Problem statement:
Could you set down every record below exactly as it appears?

Source records:
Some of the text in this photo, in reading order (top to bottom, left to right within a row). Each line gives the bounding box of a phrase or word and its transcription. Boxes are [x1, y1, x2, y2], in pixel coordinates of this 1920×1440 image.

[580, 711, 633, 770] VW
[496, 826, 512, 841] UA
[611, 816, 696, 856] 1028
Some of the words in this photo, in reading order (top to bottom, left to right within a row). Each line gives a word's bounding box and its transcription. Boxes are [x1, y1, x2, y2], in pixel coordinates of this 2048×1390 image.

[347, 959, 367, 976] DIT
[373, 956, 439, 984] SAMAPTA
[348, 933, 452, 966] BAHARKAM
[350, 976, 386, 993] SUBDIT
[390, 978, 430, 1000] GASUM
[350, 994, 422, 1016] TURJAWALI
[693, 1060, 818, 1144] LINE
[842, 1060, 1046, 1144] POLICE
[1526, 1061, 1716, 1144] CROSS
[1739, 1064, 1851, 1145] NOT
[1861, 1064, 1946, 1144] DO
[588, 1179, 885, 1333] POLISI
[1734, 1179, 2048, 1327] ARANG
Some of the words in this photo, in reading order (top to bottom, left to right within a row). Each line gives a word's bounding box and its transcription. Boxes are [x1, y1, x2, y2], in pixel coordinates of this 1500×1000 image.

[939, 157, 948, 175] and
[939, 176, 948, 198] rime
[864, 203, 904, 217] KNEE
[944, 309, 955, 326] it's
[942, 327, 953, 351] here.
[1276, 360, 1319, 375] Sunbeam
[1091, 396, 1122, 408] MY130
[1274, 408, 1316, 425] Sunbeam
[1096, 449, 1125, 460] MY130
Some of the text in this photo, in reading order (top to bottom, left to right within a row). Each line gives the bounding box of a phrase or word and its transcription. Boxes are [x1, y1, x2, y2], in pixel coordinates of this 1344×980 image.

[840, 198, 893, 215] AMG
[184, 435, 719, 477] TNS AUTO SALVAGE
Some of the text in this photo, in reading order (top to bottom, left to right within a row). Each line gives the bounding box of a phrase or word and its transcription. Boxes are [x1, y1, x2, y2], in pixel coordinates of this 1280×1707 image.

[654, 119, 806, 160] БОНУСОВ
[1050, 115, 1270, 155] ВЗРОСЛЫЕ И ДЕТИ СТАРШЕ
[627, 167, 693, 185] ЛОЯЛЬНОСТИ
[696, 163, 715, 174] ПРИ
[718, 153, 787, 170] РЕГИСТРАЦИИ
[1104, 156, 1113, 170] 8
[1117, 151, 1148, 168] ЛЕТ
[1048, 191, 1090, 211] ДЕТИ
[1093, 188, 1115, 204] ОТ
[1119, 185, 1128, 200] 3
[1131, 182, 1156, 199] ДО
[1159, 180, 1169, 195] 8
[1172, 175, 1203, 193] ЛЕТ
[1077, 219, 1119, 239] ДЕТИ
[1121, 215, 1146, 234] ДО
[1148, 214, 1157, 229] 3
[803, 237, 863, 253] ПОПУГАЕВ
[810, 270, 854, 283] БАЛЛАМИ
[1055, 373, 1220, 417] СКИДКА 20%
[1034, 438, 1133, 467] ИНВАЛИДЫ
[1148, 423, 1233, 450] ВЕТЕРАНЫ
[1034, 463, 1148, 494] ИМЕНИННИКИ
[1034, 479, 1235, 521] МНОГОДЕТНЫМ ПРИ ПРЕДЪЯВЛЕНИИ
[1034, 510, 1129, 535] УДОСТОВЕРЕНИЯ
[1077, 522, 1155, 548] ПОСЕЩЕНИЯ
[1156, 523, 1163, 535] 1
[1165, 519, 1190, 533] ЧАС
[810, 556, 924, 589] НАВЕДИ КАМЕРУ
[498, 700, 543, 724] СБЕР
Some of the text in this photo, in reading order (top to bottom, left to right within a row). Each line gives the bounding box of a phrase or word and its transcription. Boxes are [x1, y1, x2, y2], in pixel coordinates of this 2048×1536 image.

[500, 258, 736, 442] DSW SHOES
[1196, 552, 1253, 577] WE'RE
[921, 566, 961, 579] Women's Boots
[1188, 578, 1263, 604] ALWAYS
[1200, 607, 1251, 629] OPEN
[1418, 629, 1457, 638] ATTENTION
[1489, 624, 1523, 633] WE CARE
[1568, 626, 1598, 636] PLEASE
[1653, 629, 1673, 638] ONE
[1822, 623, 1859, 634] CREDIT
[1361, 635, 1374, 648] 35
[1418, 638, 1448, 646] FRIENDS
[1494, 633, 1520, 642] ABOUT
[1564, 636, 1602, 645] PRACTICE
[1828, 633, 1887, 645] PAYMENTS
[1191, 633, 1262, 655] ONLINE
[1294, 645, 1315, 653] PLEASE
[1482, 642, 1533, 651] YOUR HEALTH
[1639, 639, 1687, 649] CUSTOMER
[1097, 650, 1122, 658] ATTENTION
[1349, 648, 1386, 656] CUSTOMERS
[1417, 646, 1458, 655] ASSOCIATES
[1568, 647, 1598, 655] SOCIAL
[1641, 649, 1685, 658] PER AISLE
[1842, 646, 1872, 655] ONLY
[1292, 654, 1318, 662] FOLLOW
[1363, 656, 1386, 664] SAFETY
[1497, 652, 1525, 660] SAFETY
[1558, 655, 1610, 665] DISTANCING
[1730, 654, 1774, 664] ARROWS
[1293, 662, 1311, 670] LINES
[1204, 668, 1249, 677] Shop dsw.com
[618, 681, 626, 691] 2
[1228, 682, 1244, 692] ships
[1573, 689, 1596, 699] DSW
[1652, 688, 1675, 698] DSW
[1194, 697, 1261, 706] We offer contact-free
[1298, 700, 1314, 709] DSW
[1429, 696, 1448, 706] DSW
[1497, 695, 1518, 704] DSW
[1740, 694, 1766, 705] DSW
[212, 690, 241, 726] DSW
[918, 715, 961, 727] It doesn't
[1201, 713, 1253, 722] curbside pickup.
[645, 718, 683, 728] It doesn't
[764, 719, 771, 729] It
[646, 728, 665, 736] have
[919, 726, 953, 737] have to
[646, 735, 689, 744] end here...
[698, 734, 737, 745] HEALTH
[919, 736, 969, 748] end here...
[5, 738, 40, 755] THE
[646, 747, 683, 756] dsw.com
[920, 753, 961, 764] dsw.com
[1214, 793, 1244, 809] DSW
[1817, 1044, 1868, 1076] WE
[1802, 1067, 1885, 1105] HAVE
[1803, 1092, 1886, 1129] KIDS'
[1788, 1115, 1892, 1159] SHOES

Exercise response:
Some of the text in this photo, in reading order (top to bottom, left to right within a row). Each line gives the bounding box of a phrase or word and its transcription. Boxes are [x1, y1, x2, y2], in pixel coordinates of this 1920×1440 image.

[580, 711, 633, 770] VW
[496, 826, 512, 841] UA
[611, 816, 696, 856] 1028
Some of the words in this photo, in reading order (top to bottom, left to right within a row). Each line gives a word's bounding box and its transcription. Boxes are [x1, y1, x2, y2], in pixel coordinates of this 2048×1390 image.

[347, 959, 367, 976] DIT
[373, 956, 439, 984] SAMAPTA
[348, 933, 452, 966] BAHARKAM
[350, 976, 386, 993] SUBDIT
[390, 978, 430, 1000] GASUM
[350, 994, 422, 1016] TURJAWALI
[693, 1060, 818, 1144] LINE
[842, 1060, 1046, 1144] POLICE
[1526, 1061, 1716, 1144] CROSS
[1739, 1064, 1851, 1145] NOT
[1861, 1064, 1946, 1144] DO
[588, 1179, 885, 1333] POLISI
[1734, 1179, 2048, 1327] ARANG
Some of the words in this photo, in reading order (top to bottom, left to right within a row). Each line gives a word's bounding box and its transcription. Boxes are [x1, y1, x2, y2], in pixel coordinates of this 1500×1000 image.

[939, 157, 948, 175] and
[939, 176, 948, 198] rime
[864, 203, 904, 217] KNEE
[944, 309, 955, 326] it's
[942, 327, 953, 351] here.
[1276, 360, 1319, 375] Sunbeam
[1091, 396, 1122, 408] MY130
[1274, 408, 1316, 425] Sunbeam
[1096, 449, 1125, 460] MY130
Some of the text in this photo, in reading order (top to bottom, left to right within a row). Each line gives the bounding box of a phrase or word and its transcription. Boxes are [x1, y1, x2, y2], in pixel coordinates of this 1344×980 image.

[840, 198, 893, 215] AMG
[184, 435, 719, 477] TNS AUTO SALVAGE
Some of the text in this photo, in reading order (top to bottom, left to right within a row). Each line gives the bounding box of a phrase or word and its transcription. Boxes are [x1, y1, x2, y2], in pixel coordinates of this 1280×1707 image.

[654, 119, 806, 160] БОНУСОВ
[1050, 115, 1270, 155] ВЗРОСЛЫЕ И ДЕТИ СТАРШЕ
[627, 167, 693, 185] ЛОЯЛЬНОСТИ
[696, 163, 715, 174] ПРИ
[718, 153, 787, 170] РЕГИСТРАЦИИ
[1104, 156, 1113, 170] 8
[1117, 151, 1148, 168] ЛЕТ
[1048, 191, 1090, 211] ДЕТИ
[1093, 188, 1115, 204] ОТ
[1119, 185, 1128, 200] 3
[1131, 182, 1156, 199] ДО
[1159, 180, 1169, 195] 8
[1172, 175, 1203, 193] ЛЕТ
[1077, 219, 1119, 239] ДЕТИ
[1121, 215, 1146, 234] ДО
[1148, 214, 1157, 229] 3
[803, 237, 863, 253] ПОПУГАЕВ
[810, 270, 854, 283] БАЛЛАМИ
[1055, 373, 1220, 417] СКИДКА 20%
[1034, 438, 1133, 467] ИНВАЛИДЫ
[1148, 423, 1233, 450] ВЕТЕРАНЫ
[1034, 463, 1148, 494] ИМЕНИННИКИ
[1034, 479, 1235, 521] МНОГОДЕТНЫМ ПРИ ПРЕДЪЯВЛЕНИИ
[1034, 510, 1129, 535] УДОСТОВЕРЕНИЯ
[1077, 522, 1155, 548] ПОСЕЩЕНИЯ
[1156, 523, 1163, 535] 1
[1165, 519, 1190, 533] ЧАС
[810, 556, 924, 589] НАВЕДИ КАМЕРУ
[498, 700, 543, 724] СБЕР
Some of the text in this photo, in reading order (top to bottom, left to right within a row). Each line gives the bounding box of a phrase or word and its transcription. Boxes are [x1, y1, x2, y2], in pixel coordinates of this 2048×1536 image.

[500, 258, 736, 442] DSW SHOES
[1196, 552, 1253, 577] WE'RE
[921, 566, 961, 579] Women's Boots
[1188, 578, 1263, 604] ALWAYS
[1200, 607, 1251, 629] OPEN
[1418, 629, 1457, 638] ATTENTION
[1489, 624, 1523, 633] WE CARE
[1568, 626, 1598, 636] PLEASE
[1653, 629, 1673, 638] ONE
[1822, 623, 1859, 634] CREDIT
[1361, 635, 1374, 648] 35
[1418, 638, 1448, 646] FRIENDS
[1494, 633, 1520, 642] ABOUT
[1564, 636, 1602, 645] PRACTICE
[1828, 633, 1887, 645] PAYMENTS
[1191, 633, 1262, 655] ONLINE
[1294, 645, 1315, 653] PLEASE
[1482, 642, 1533, 651] YOUR HEALTH
[1639, 639, 1687, 649] CUSTOMER
[1097, 650, 1122, 658] ATTENTION
[1349, 648, 1386, 656] CUSTOMERS
[1417, 646, 1458, 655] ASSOCIATES
[1568, 647, 1598, 655] SOCIAL
[1641, 649, 1685, 658] PER AISLE
[1842, 646, 1872, 655] ONLY
[1292, 654, 1318, 662] FOLLOW
[1363, 656, 1386, 664] SAFETY
[1497, 652, 1525, 660] SAFETY
[1558, 655, 1610, 665] DISTANCING
[1730, 654, 1774, 664] ARROWS
[1293, 662, 1311, 670] LINES
[1204, 668, 1249, 677] Shop dsw.com
[618, 681, 626, 691] 2
[1228, 682, 1244, 692] ships
[1573, 689, 1596, 699] DSW
[1652, 688, 1675, 698] DSW
[1194, 697, 1261, 706] We offer contact-free
[1298, 700, 1314, 709] DSW
[1429, 696, 1448, 706] DSW
[1497, 695, 1518, 704] DSW
[1740, 694, 1766, 705] DSW
[212, 690, 241, 726] DSW
[918, 715, 961, 727] It doesn't
[1201, 713, 1253, 722] curbside pickup.
[645, 718, 683, 728] It doesn't
[764, 719, 771, 729] It
[646, 728, 665, 736] have
[919, 726, 953, 737] have to
[646, 735, 689, 744] end here...
[698, 734, 737, 745] HEALTH
[919, 736, 969, 748] end here...
[5, 738, 40, 755] THE
[646, 747, 683, 756] dsw.com
[920, 753, 961, 764] dsw.com
[1214, 793, 1244, 809] DSW
[1817, 1044, 1868, 1076] WE
[1802, 1067, 1885, 1105] HAVE
[1803, 1092, 1886, 1129] KIDS'
[1788, 1115, 1892, 1159] SHOES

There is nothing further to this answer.